*** Block opens ***

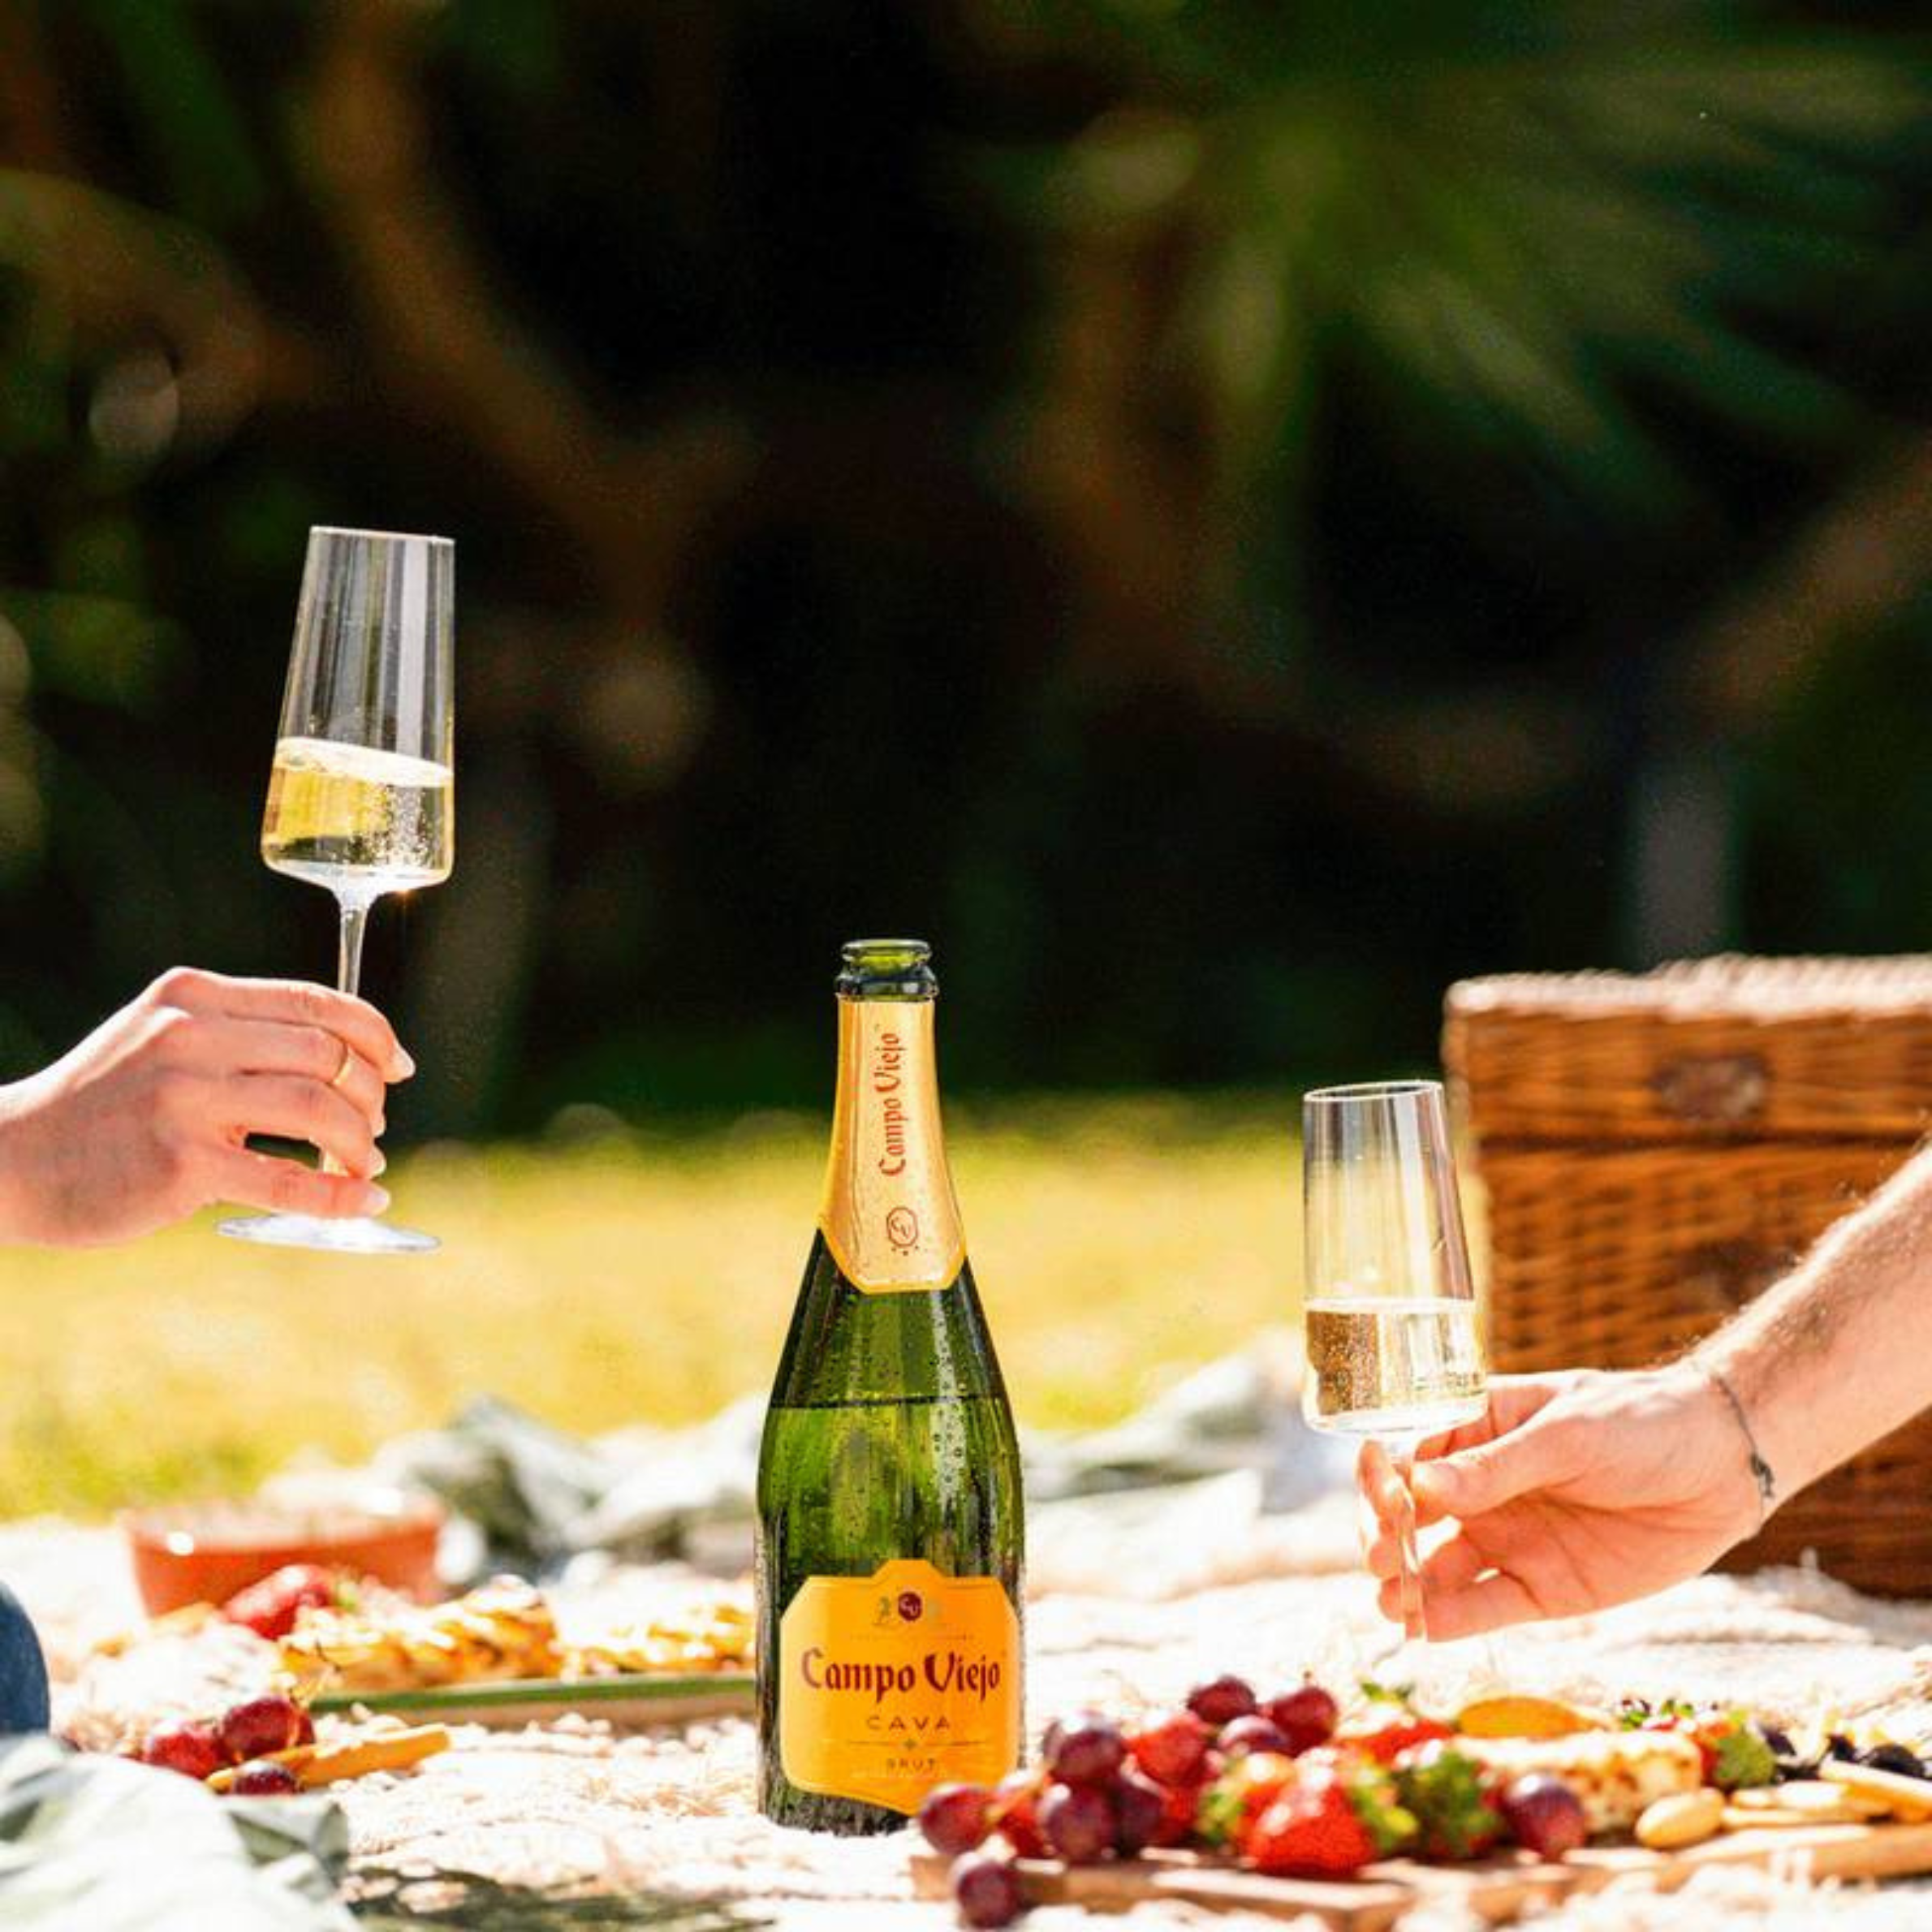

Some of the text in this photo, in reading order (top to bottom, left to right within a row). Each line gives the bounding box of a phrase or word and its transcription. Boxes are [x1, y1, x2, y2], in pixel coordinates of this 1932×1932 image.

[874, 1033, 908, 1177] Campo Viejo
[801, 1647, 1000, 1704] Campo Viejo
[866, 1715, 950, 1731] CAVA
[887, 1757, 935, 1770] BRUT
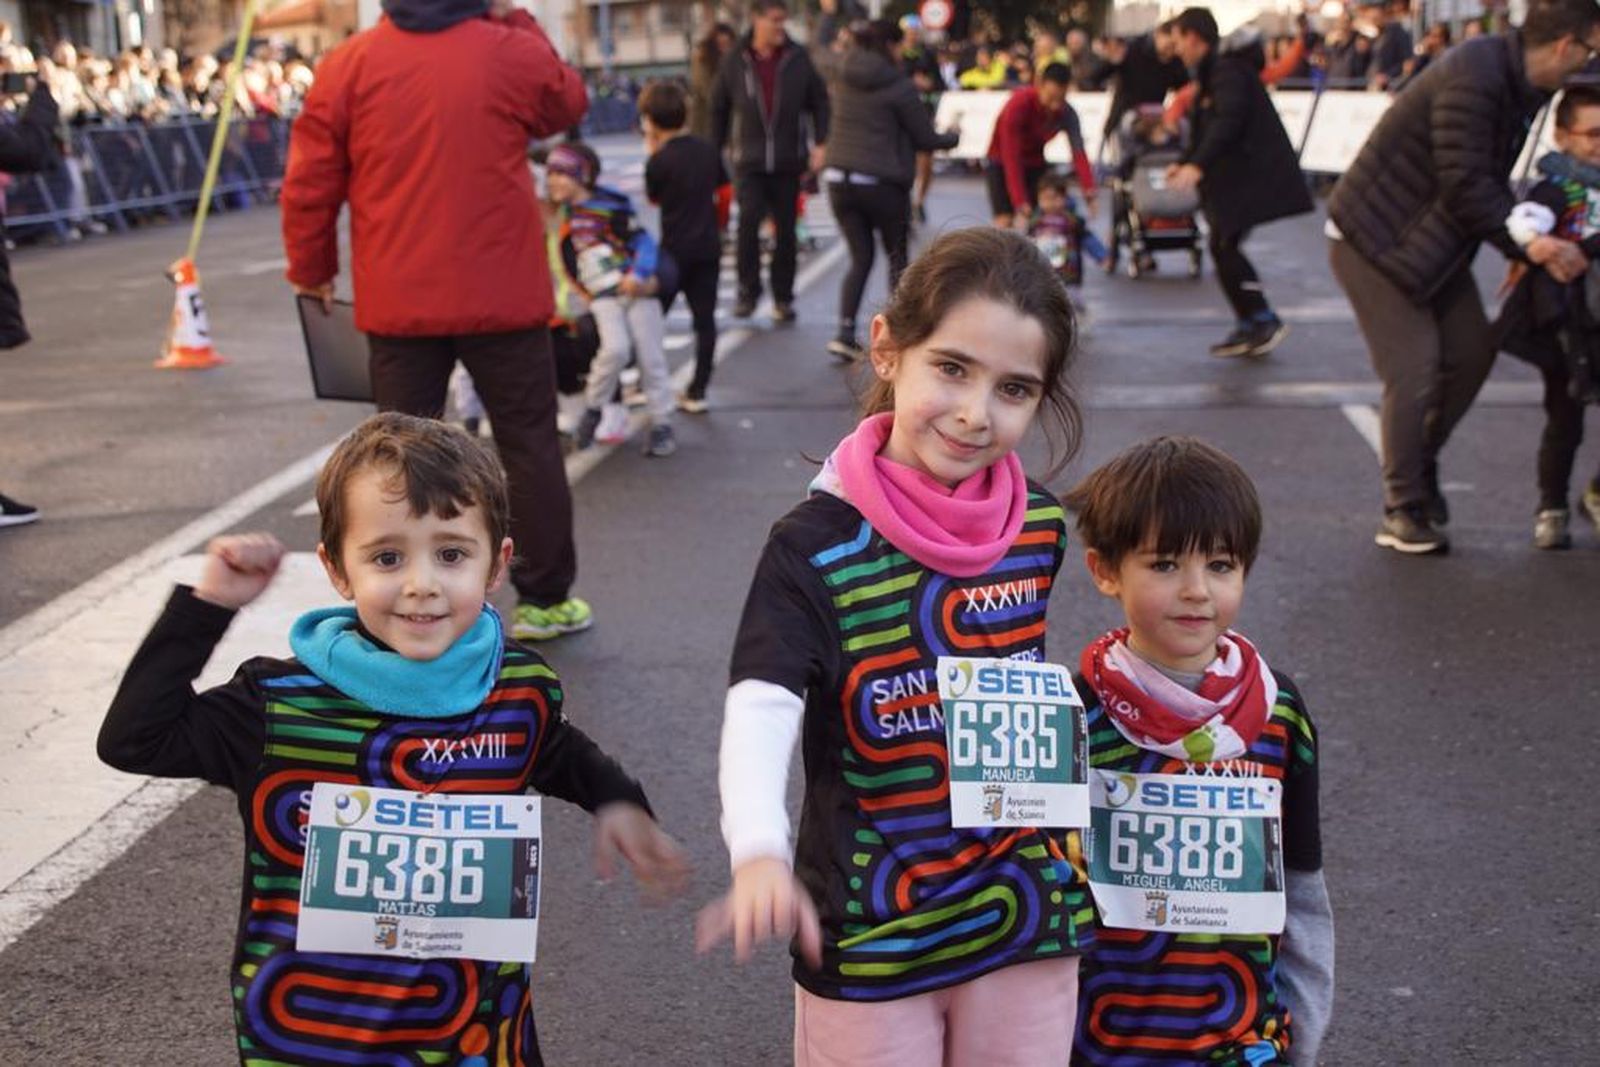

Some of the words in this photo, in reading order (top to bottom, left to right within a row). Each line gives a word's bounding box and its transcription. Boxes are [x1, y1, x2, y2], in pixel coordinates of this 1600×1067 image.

*** Block closes ***

What needs to be done: Reproduce the whole listing above word for word, but not its pictures.

Result:
Some of the text in this photo, in reading order (top to bottom, left to right within a row). Each line gives the bounding box of a phrase or word and its transcription. Boxes are [x1, y1, x2, y2], in pixel coordinates of this 1932×1932 image.

[874, 1033, 908, 1177] Campo Viejo
[801, 1647, 1000, 1704] Campo Viejo
[866, 1715, 950, 1731] CAVA
[887, 1757, 935, 1770] BRUT

Some of the words in this photo, in reading order (top to bottom, left to right within a row). Each line gives a word's bounding box and its transcription. Boxes are [x1, y1, x2, y2], in pixel coordinates of this 1600×1067 image.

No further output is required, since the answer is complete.